Activity: Once the pictures have been removed, repeat the remainder of the records exactly.

Free-text object descriptions
- - - - -
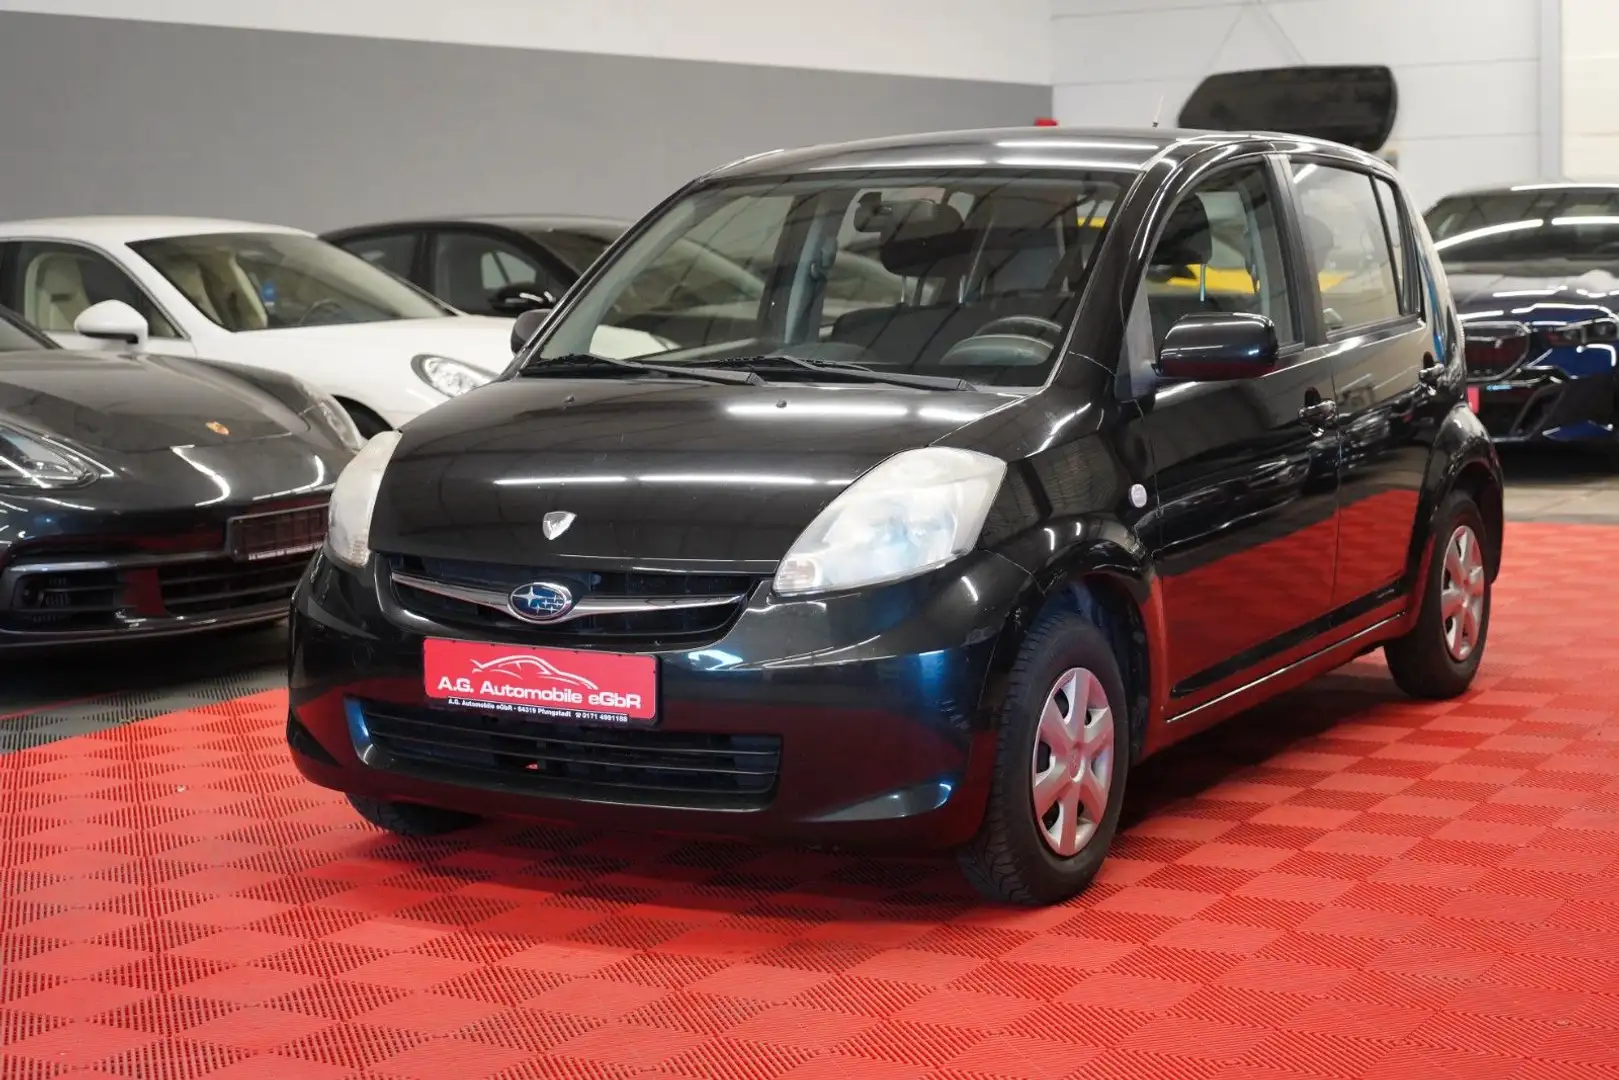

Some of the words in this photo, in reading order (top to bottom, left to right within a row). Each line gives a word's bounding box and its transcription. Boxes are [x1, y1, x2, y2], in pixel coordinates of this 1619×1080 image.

[438, 677, 474, 692] A.G.
[480, 681, 582, 703] Automobile
[589, 692, 641, 708] eGbR
[462, 700, 495, 709] Automobile
[518, 705, 536, 713] 64319
[538, 708, 571, 717] Pfungstadt
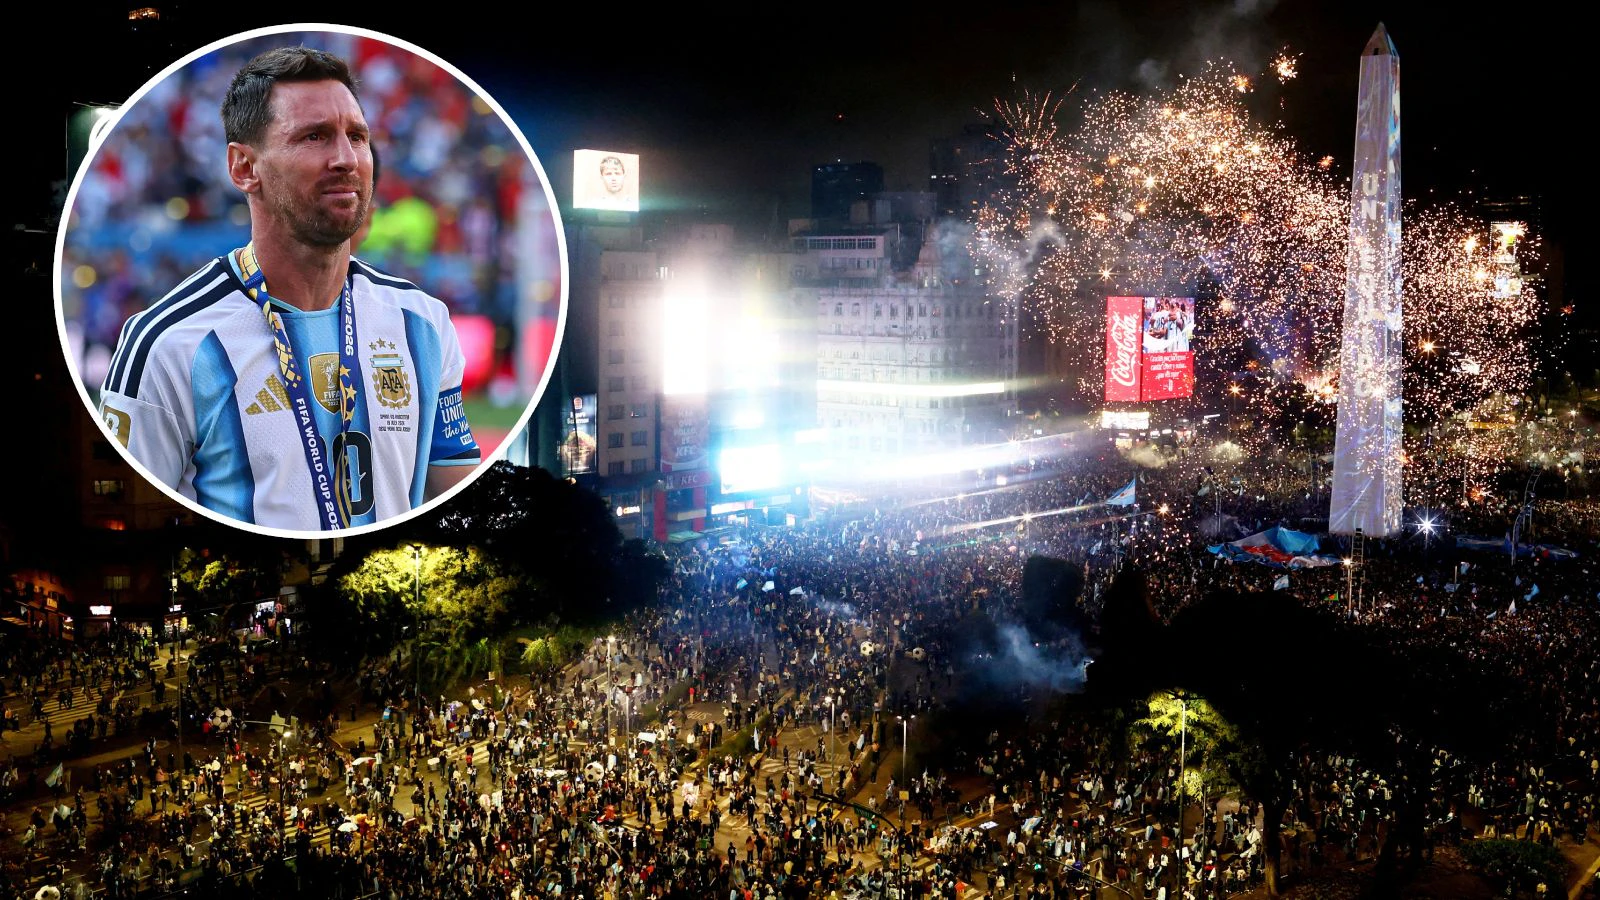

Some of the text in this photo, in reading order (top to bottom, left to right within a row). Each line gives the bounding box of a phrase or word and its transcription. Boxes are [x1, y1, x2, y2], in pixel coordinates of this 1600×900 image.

[1361, 172, 1379, 220] UN
[345, 314, 354, 357] 2026
[382, 368, 404, 393] AFA
[442, 424, 460, 439] the
[675, 445, 698, 457] KFC
[296, 397, 341, 531] FIFA WORLD CUP 202
[681, 474, 699, 486] KFC
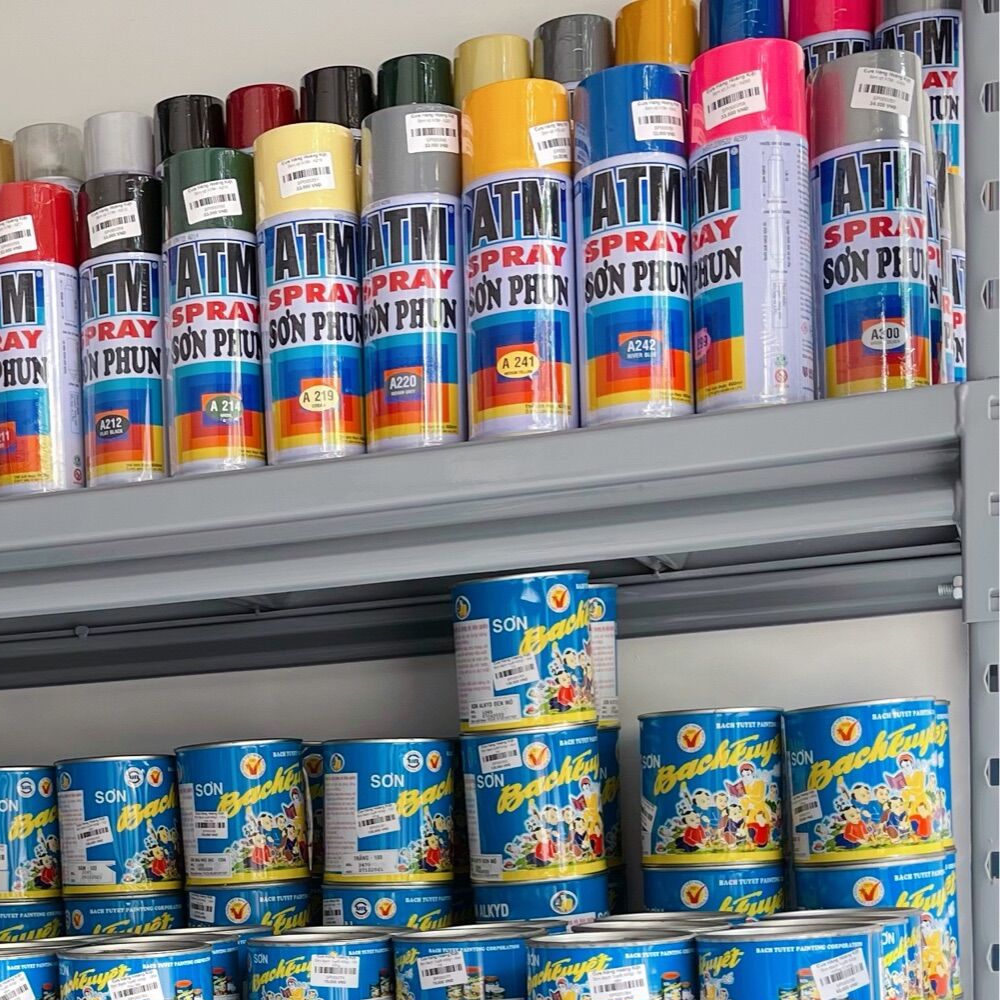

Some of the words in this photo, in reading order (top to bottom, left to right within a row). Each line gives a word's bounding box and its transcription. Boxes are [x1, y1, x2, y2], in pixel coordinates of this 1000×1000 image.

[591, 165, 682, 232] ATM
[832, 150, 923, 218] ATM
[472, 178, 561, 247] ATM
[367, 205, 447, 270] ATM
[585, 231, 686, 263] SPRAY
[824, 215, 926, 249] SPRAY
[274, 221, 357, 281] ATM
[468, 244, 566, 278] SPRAY
[177, 242, 257, 298] ATM
[585, 260, 626, 303] SƠN
[632, 260, 689, 295] PHUN
[823, 246, 868, 290] SƠN
[82, 262, 150, 319] ATM
[269, 283, 360, 310] SPRAY
[363, 269, 453, 300] SPRAY
[468, 275, 502, 316] SƠN
[508, 274, 568, 307] PHUN
[172, 301, 260, 328] SPRAY
[269, 309, 307, 348] SƠN
[312, 310, 363, 342] PHUN
[395, 298, 456, 330] PHUN
[173, 326, 207, 364] SƠN
[213, 328, 262, 360] PHUN
[627, 339, 656, 352] A242
[870, 326, 900, 341] A300
[104, 347, 161, 376] PHUN
[502, 357, 509, 369] A
[514, 355, 535, 368] 241
[303, 391, 311, 403] A
[315, 389, 334, 402] 219
[389, 375, 416, 389] A220
[100, 418, 122, 431] A212
[492, 615, 528, 633] SƠN
[791, 749, 815, 766] SƠN
[195, 781, 223, 797] SƠN
[370, 772, 404, 788] SƠN
[477, 772, 504, 789] SƠN
[95, 789, 126, 804] SƠN
- - - - -
Answer for the task:
Some of the words in this photo, in reading order (top to bottom, left to right within a row). Each line gives a word's bounding box and its transcription. Boxes are [x1, y1, x2, y2], in pixel coordinates of this 1619×1080 image.

[438, 677, 474, 692] A.G.
[480, 681, 582, 703] Automobile
[589, 692, 641, 708] eGbR
[462, 700, 495, 709] Automobile
[518, 705, 536, 713] 64319
[538, 708, 571, 717] Pfungstadt

Some of the text in this photo, in reading order (top to bottom, left to right within a row). Each line gives the bounding box of a phrase or word and its transcription. Boxes are [x1, y1, x2, y2], in pixel coordinates of this 1600×900 image.

[1361, 172, 1379, 220] UN
[345, 314, 354, 357] 2026
[382, 368, 404, 393] AFA
[442, 424, 460, 439] the
[675, 445, 698, 457] KFC
[296, 397, 341, 531] FIFA WORLD CUP 202
[681, 474, 699, 486] KFC

Some of the words in this photo, in reading order (top to bottom, left to right within a row). Each line gives a word's bounding box and its transcription. Boxes are [x1, y1, x2, y2], in pixel coordinates of this 1000×1000 image.

[591, 165, 682, 232] ATM
[832, 150, 923, 218] ATM
[472, 178, 561, 247] ATM
[367, 205, 447, 270] ATM
[585, 231, 686, 263] SPRAY
[824, 215, 926, 249] SPRAY
[274, 221, 357, 281] ATM
[468, 244, 566, 278] SPRAY
[177, 242, 257, 298] ATM
[585, 260, 626, 303] SƠN
[632, 260, 689, 295] PHUN
[823, 246, 868, 290] SƠN
[82, 262, 150, 319] ATM
[269, 283, 360, 310] SPRAY
[363, 269, 453, 300] SPRAY
[468, 275, 502, 316] SƠN
[508, 274, 568, 307] PHUN
[172, 301, 260, 328] SPRAY
[269, 309, 307, 348] SƠN
[312, 310, 363, 342] PHUN
[395, 298, 456, 330] PHUN
[173, 326, 207, 364] SƠN
[213, 328, 262, 360] PHUN
[627, 339, 656, 352] A242
[870, 326, 900, 341] A300
[104, 347, 161, 376] PHUN
[502, 357, 509, 369] A
[514, 355, 535, 368] 241
[303, 391, 311, 403] A
[315, 389, 334, 402] 219
[389, 375, 416, 389] A220
[100, 418, 122, 431] A212
[492, 615, 528, 633] SƠN
[791, 749, 815, 766] SƠN
[195, 781, 223, 797] SƠN
[370, 772, 404, 788] SƠN
[477, 772, 504, 789] SƠN
[95, 789, 126, 804] SƠN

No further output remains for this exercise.